I must ironically admit, I have been struggling to find the words to write this blog. The idea came to me the other night when Lady Allwinky and myself where outside by our pool enjoying good brews and good conversation. As the sky became darker and the pool water glistened, I was distracted by the site of several large bugs struggling to survive in the water. I went to rescue them with my skimmer net, while Lady Allwinky laughed about my compassion for these bugs.
The strange thing is, I would kill one of those bugs without a second thought if it had landed on my arm, or more importantly, near my beer! But, to watch it struggle for life while drowning in my pool, that's a different mind set for me. So, where's the logic in the Art of Living with Compassion and Brutality?

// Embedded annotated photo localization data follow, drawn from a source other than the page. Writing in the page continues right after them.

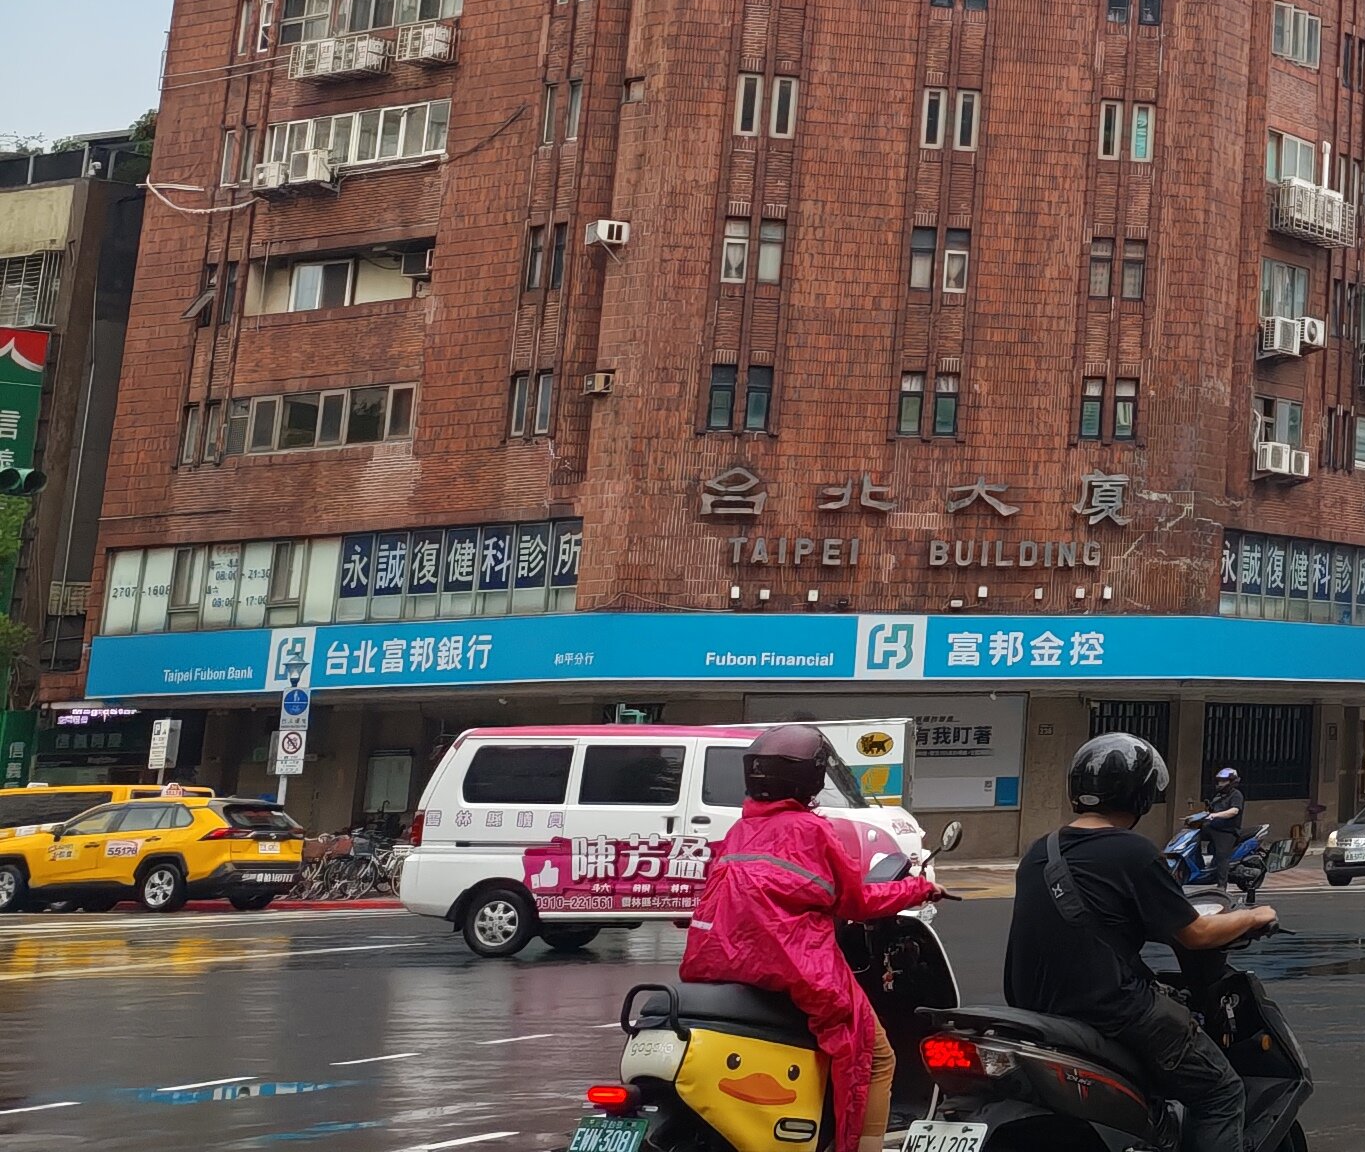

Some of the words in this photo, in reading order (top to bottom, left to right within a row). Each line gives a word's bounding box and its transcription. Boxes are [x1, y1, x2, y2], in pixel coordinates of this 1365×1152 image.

[342, 532, 582, 589] 永誠復健科診所
[728, 536, 860, 566] TAIPEI
[929, 539, 1100, 567] BUILDING
[325, 634, 493, 675] 台北富邦銀行
[553, 652, 595, 667] 和平分行
[706, 651, 758, 667] Fubon
[761, 652, 834, 667] Financial
[947, 629, 1106, 667] 富邦金控
[163, 668, 193, 684] Taipei
[194, 666, 226, 681] Fubon
[227, 665, 253, 680] Bank
[570, 833, 712, 882] 陳芳盈
[536, 895, 614, 909] 0910-221561

As a child I was intrigued by the struggle of life and death. Perhaps because it was being lived out in my living room watching the Vietnam War on television while my mother was struggling to survive her cancer. I took advantage of any situation to kill, with my gun or bow and arrow, birds, squirrels, etc. Then, one fateful Saturday morning in the woods while quail hunting with my dad, I looked the struggle between life and death square in the eyes of a dying quail. I winged it and it fell into a creek bed. I followed the dogs to find it. It had fallen into the water and was struggling to catch its breath and trying to fly away but couldn't. I picked it up as it flopped around in my hands. I felt compassion and sorrow. That is when my dad caught up with me and said, "Good shot!", while he proceeded to wring off the quails head to end its struggle. That is the last time I went quail hunting.

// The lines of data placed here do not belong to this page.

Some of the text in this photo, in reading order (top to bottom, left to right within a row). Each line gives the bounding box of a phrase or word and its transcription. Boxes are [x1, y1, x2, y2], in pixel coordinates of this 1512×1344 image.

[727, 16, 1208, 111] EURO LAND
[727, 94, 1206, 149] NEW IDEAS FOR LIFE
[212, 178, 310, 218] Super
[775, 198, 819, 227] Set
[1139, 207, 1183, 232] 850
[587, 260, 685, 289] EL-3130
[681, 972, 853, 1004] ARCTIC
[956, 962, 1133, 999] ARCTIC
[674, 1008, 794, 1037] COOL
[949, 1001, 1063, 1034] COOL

I do believe that there is a time to kill; after all, I did enjoy eating that quail prepared by my mother's loving hands. So, where do we draw the line between compassion and brutality? Perhaps the compassion in killing comes with making sure you do it efficiently, otherwise you're left dealing with compassion to save what you just tried to kill. It's an age old question with no easy answers. So, the struggle continues.